What is needed |
If a record holds a picture, skip the picture but print everything else exactly.
Material shown START
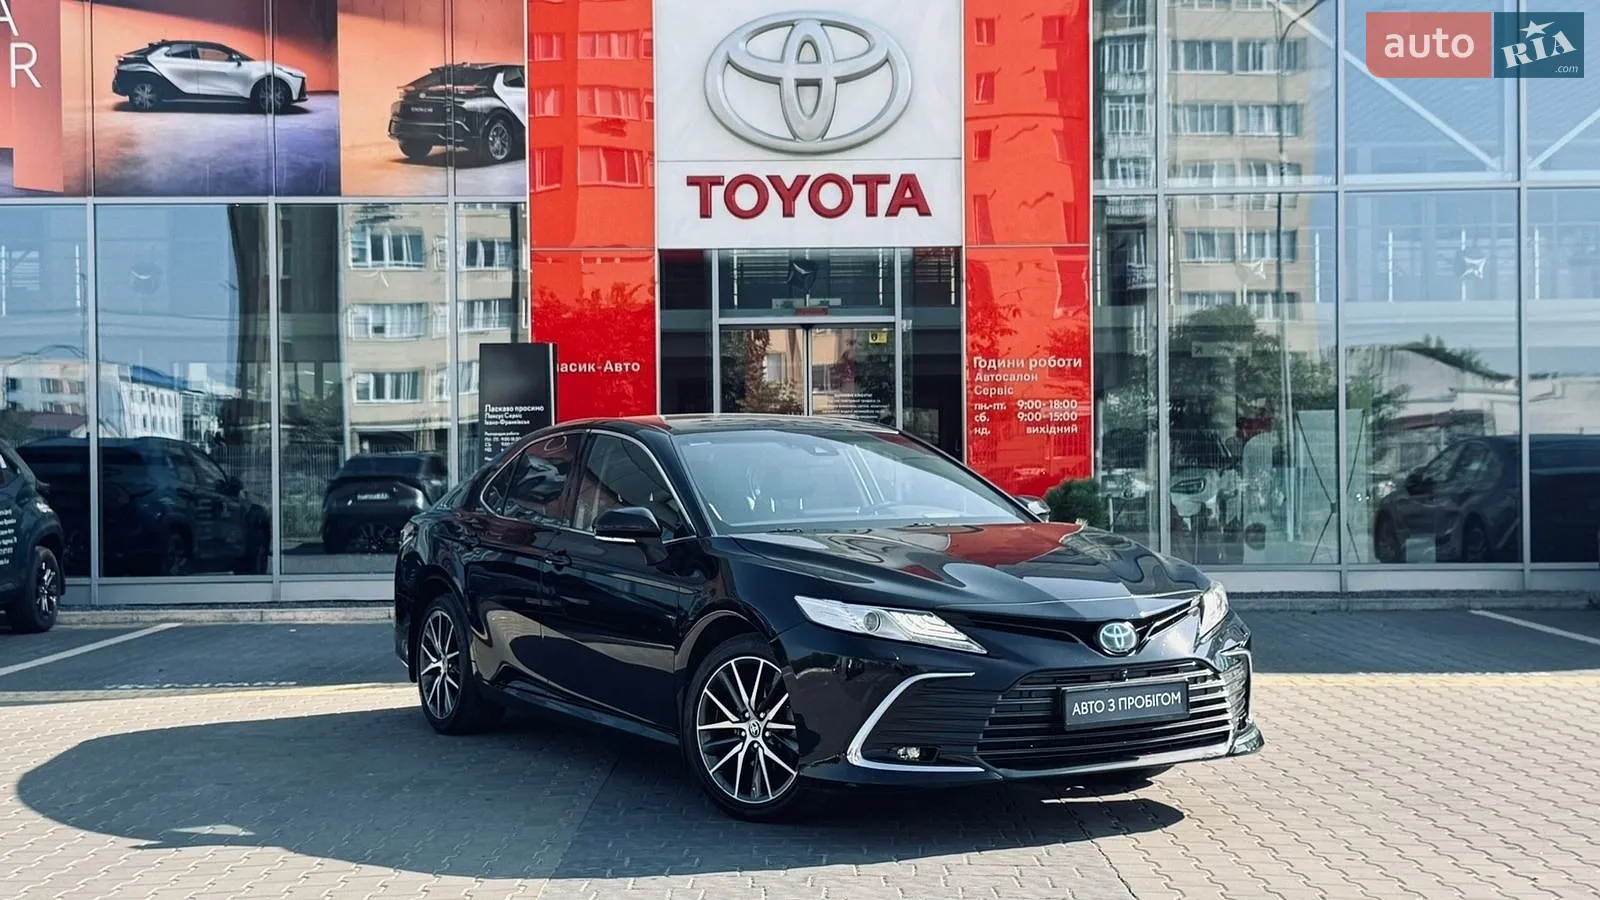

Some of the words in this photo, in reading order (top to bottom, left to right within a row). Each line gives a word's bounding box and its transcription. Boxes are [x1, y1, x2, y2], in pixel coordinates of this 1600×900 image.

[686, 172, 933, 220] TOYOTA
[973, 356, 1025, 370] Години
[1028, 356, 1082, 370] роботи
[974, 372, 1038, 382] Автосалон
[974, 385, 1014, 397] Сервіс
[1026, 424, 1078, 435] вихідний
[1072, 699, 1106, 717] АВТО
[1118, 691, 1182, 711] ПРОБІГОМ
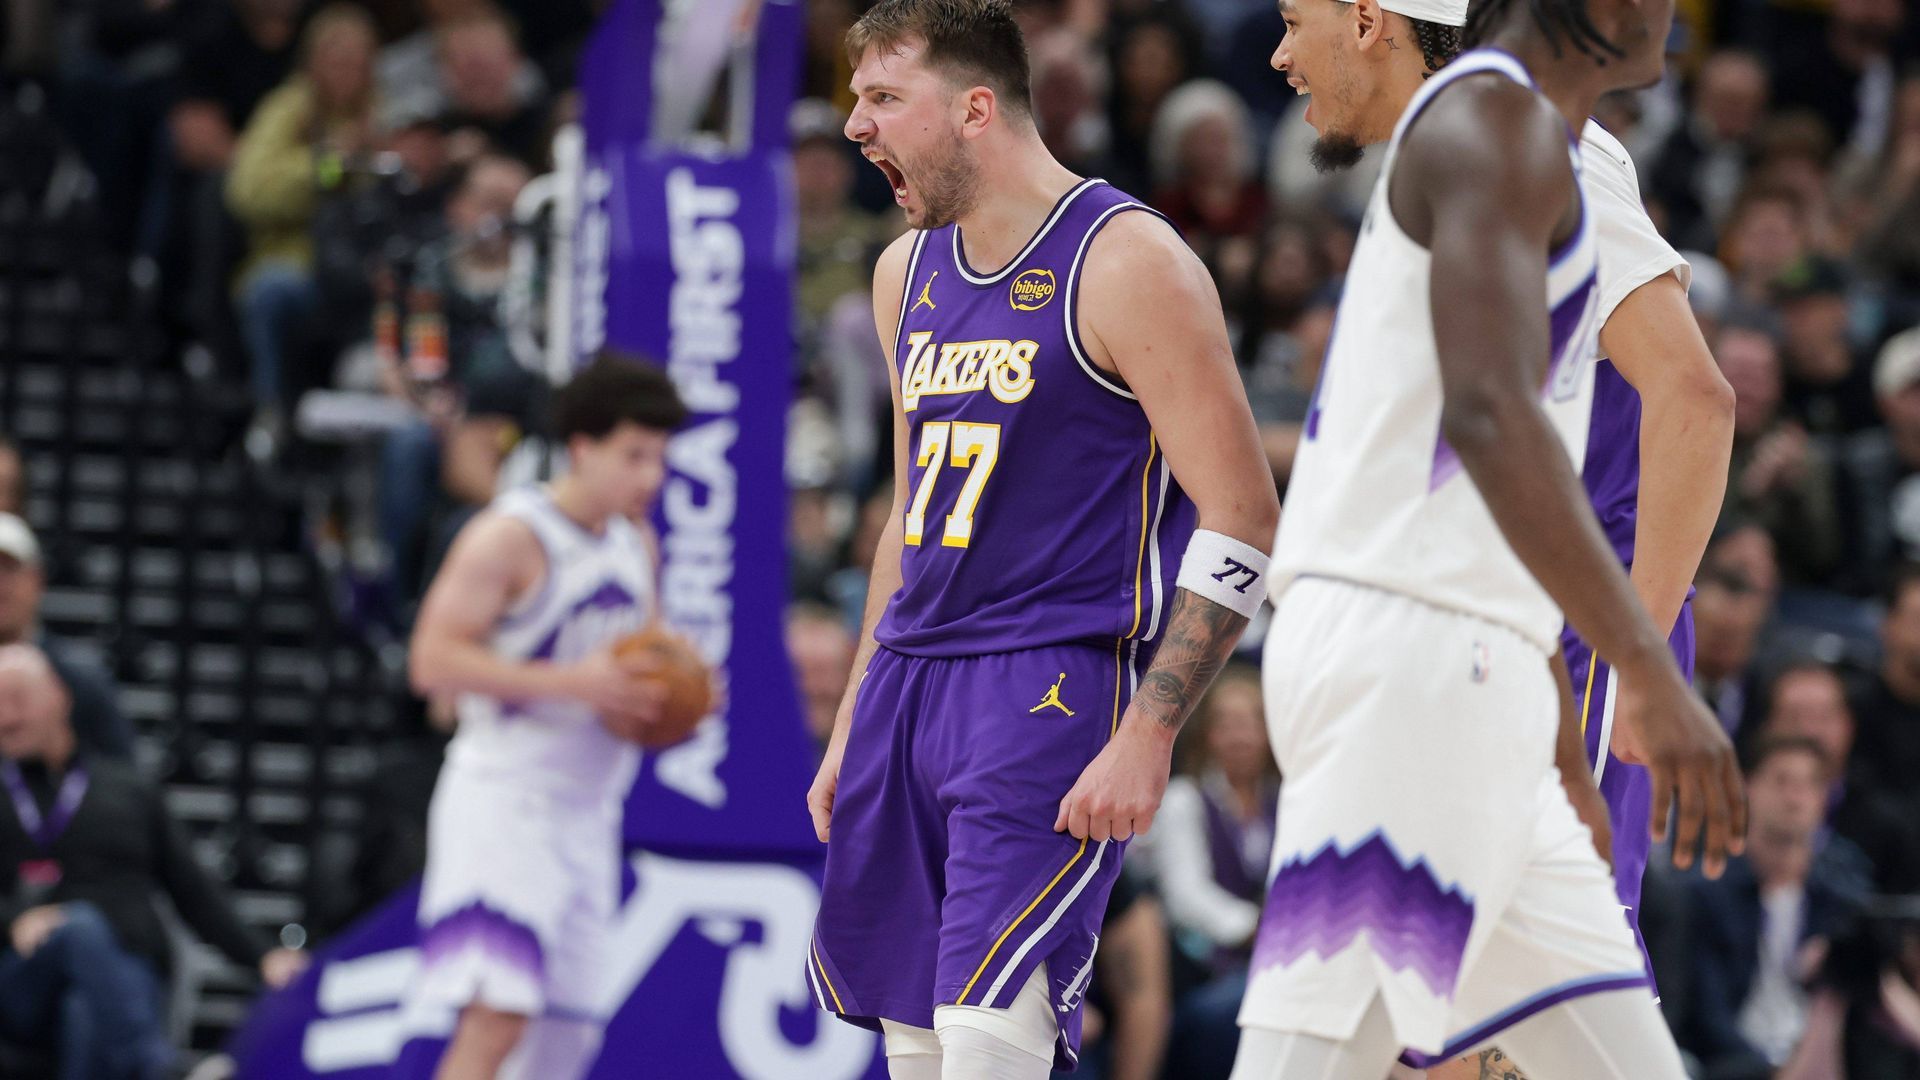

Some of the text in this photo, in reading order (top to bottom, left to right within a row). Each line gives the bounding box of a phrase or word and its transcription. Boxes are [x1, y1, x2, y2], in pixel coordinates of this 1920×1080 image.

[666, 167, 744, 413] FIRST
[1014, 280, 1053, 299] bibigo
[902, 331, 1040, 413] LAKERS
[904, 421, 1001, 548] 77
[1211, 557, 1260, 594] 77
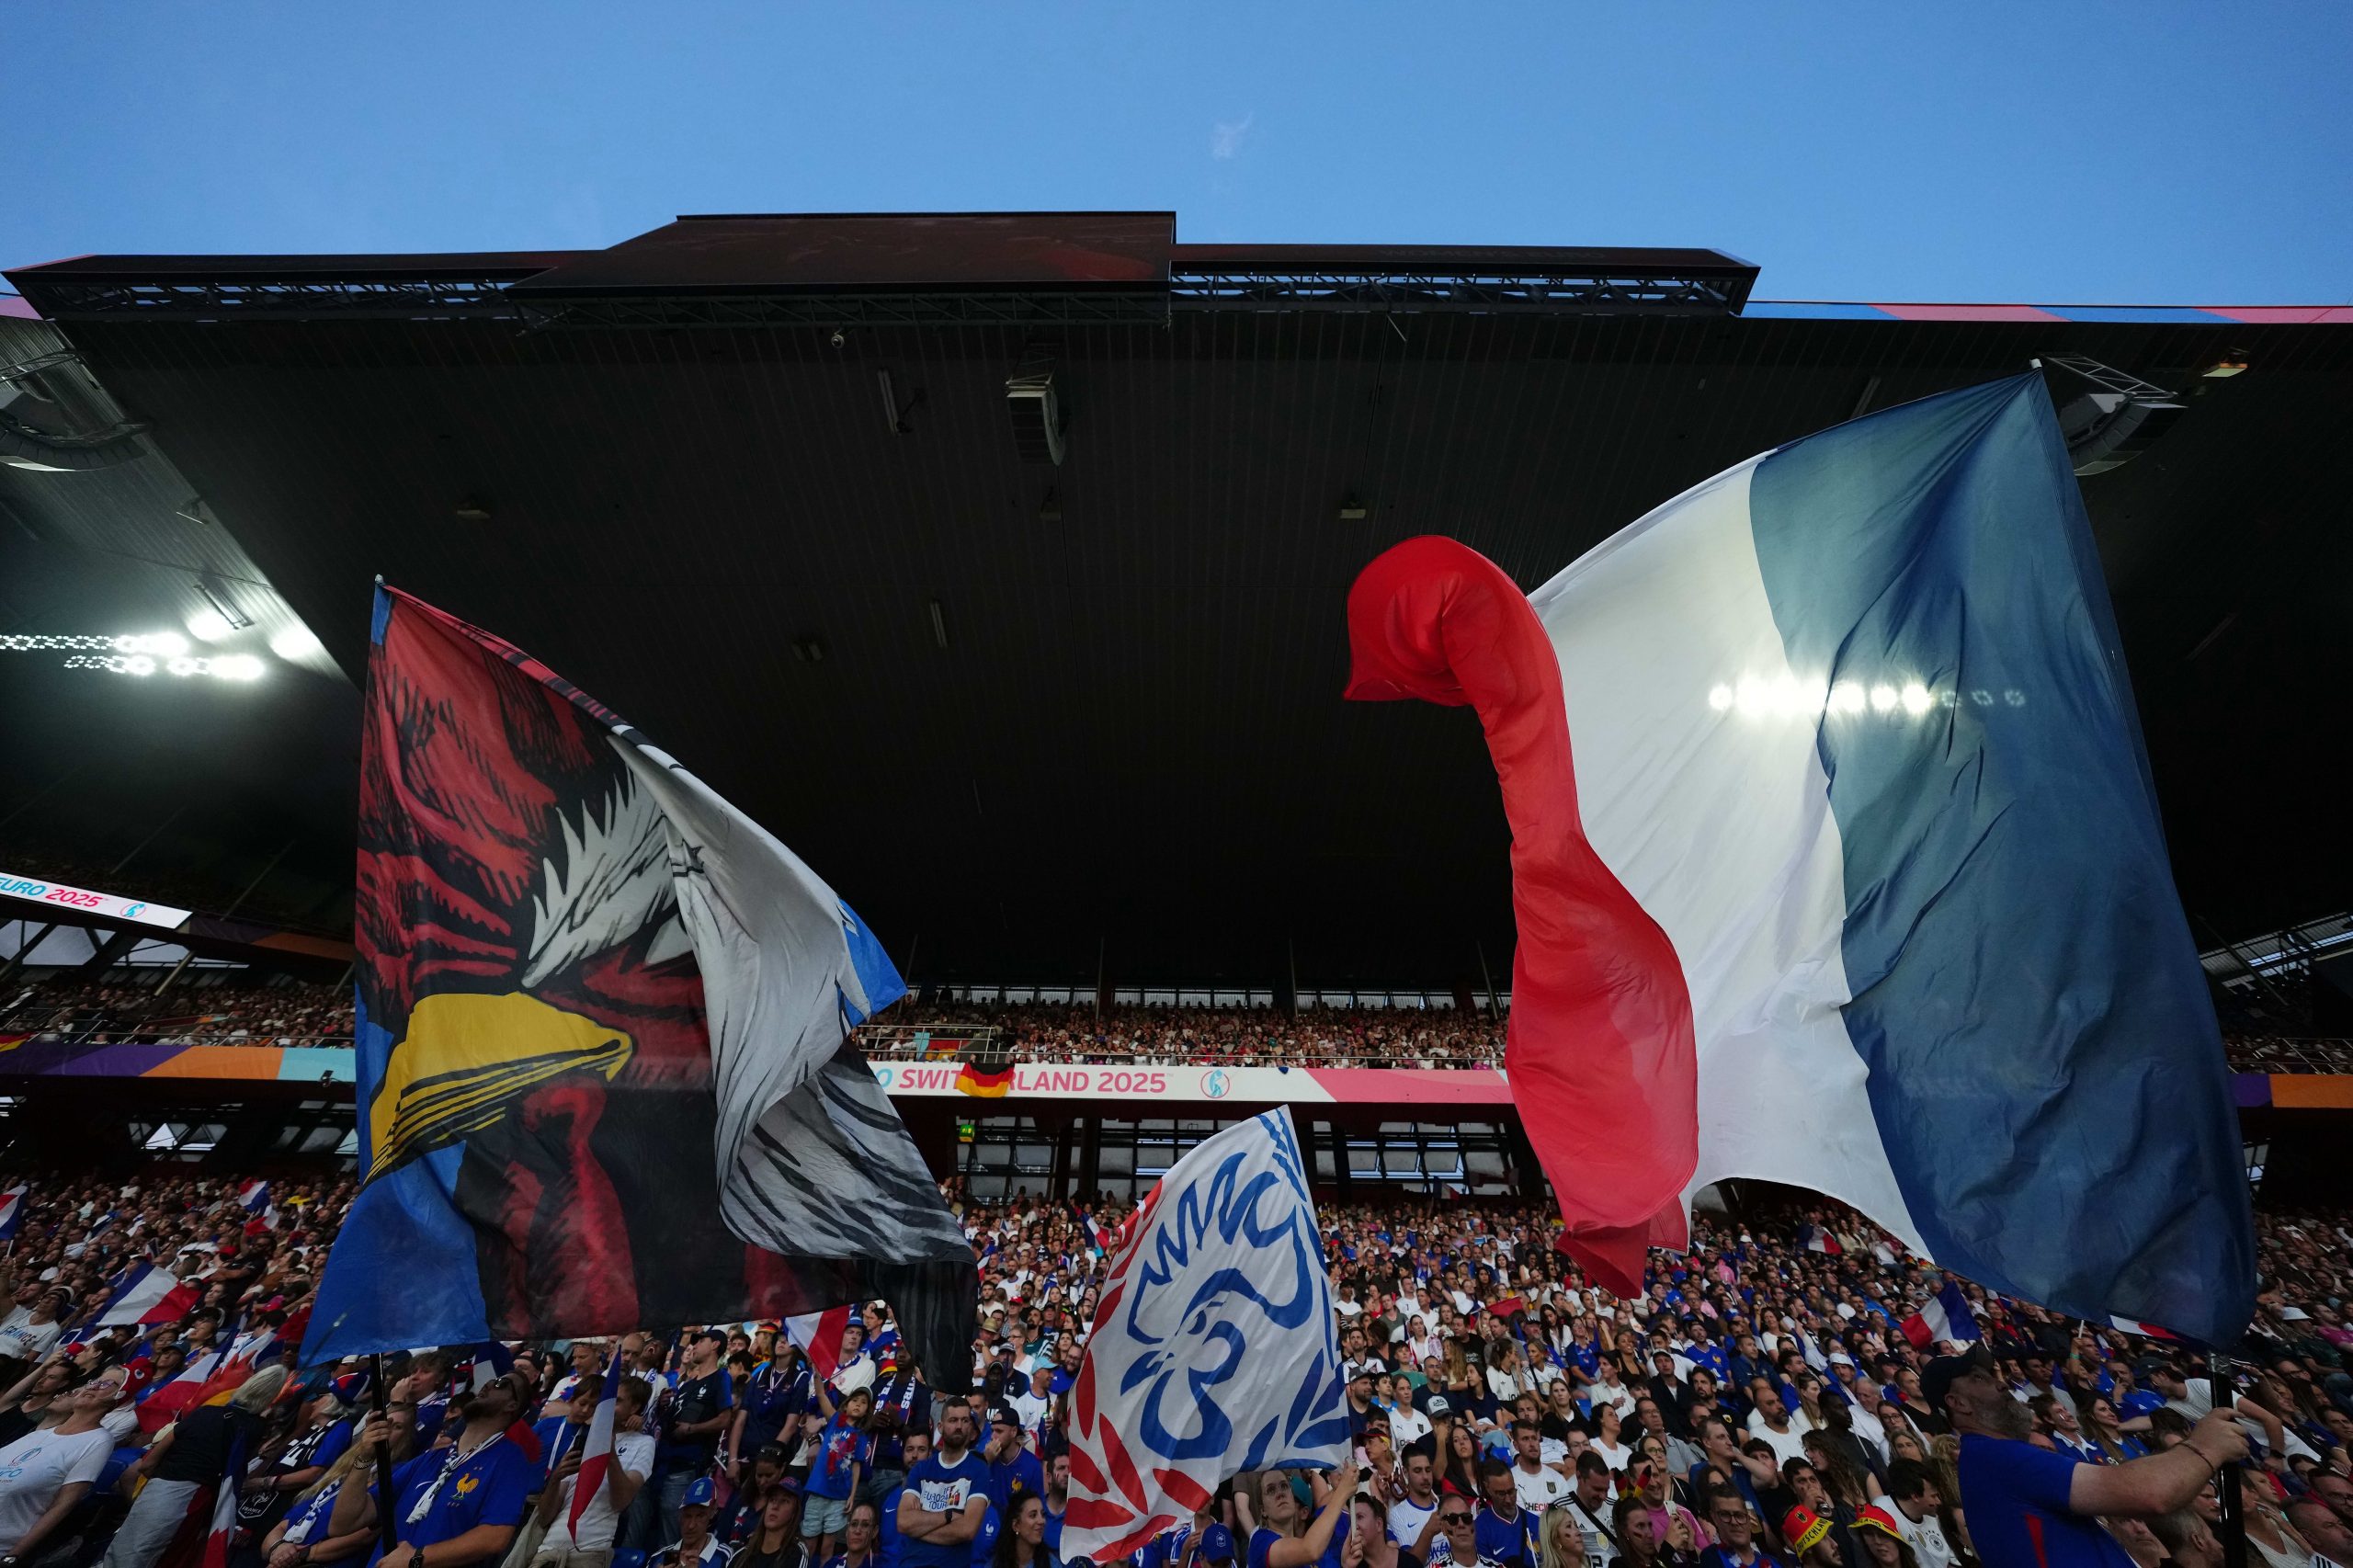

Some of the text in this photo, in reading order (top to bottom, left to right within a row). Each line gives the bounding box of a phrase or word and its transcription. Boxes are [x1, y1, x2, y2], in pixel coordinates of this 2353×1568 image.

[45, 889, 104, 908] 2025
[898, 1068, 1090, 1093] SWITLAND
[1097, 1072, 1166, 1094] 2025
Material shown END
Answer box |
Some of the words in this photo, in reading order (top to bottom, left to right within a row). Each line gives a word's bounding box and its transcription. Boxes are [x1, y1, x2, y2], in pixel coordinates of this 1600×900 image.

[686, 172, 933, 220] TOYOTA
[973, 356, 1025, 370] Години
[1028, 356, 1082, 370] роботи
[974, 372, 1038, 382] Автосалон
[974, 385, 1014, 397] Сервіс
[1026, 424, 1078, 435] вихідний
[1072, 699, 1106, 717] АВТО
[1118, 691, 1182, 711] ПРОБІГОМ

Some of the text in this photo, in reading order (top to bottom, left to right within a row). Each line gives the bounding box of a phrase or word and its transcription. Boxes are [x1, y1, x2, y2], in pixel coordinates of this 1920×1080 image.

[666, 167, 744, 413] FIRST
[1014, 280, 1053, 299] bibigo
[902, 331, 1040, 413] LAKERS
[904, 421, 1001, 548] 77
[1211, 557, 1260, 594] 77

Some of the text in this photo, in reading order (top to bottom, left to right within a row). Each line gives the bounding box of a phrase or word and its transcription. Boxes are [x1, y1, x2, y2], in pixel coordinates of this 2353×1568 image.

[45, 889, 104, 908] 2025
[898, 1068, 1090, 1093] SWITLAND
[1097, 1072, 1166, 1094] 2025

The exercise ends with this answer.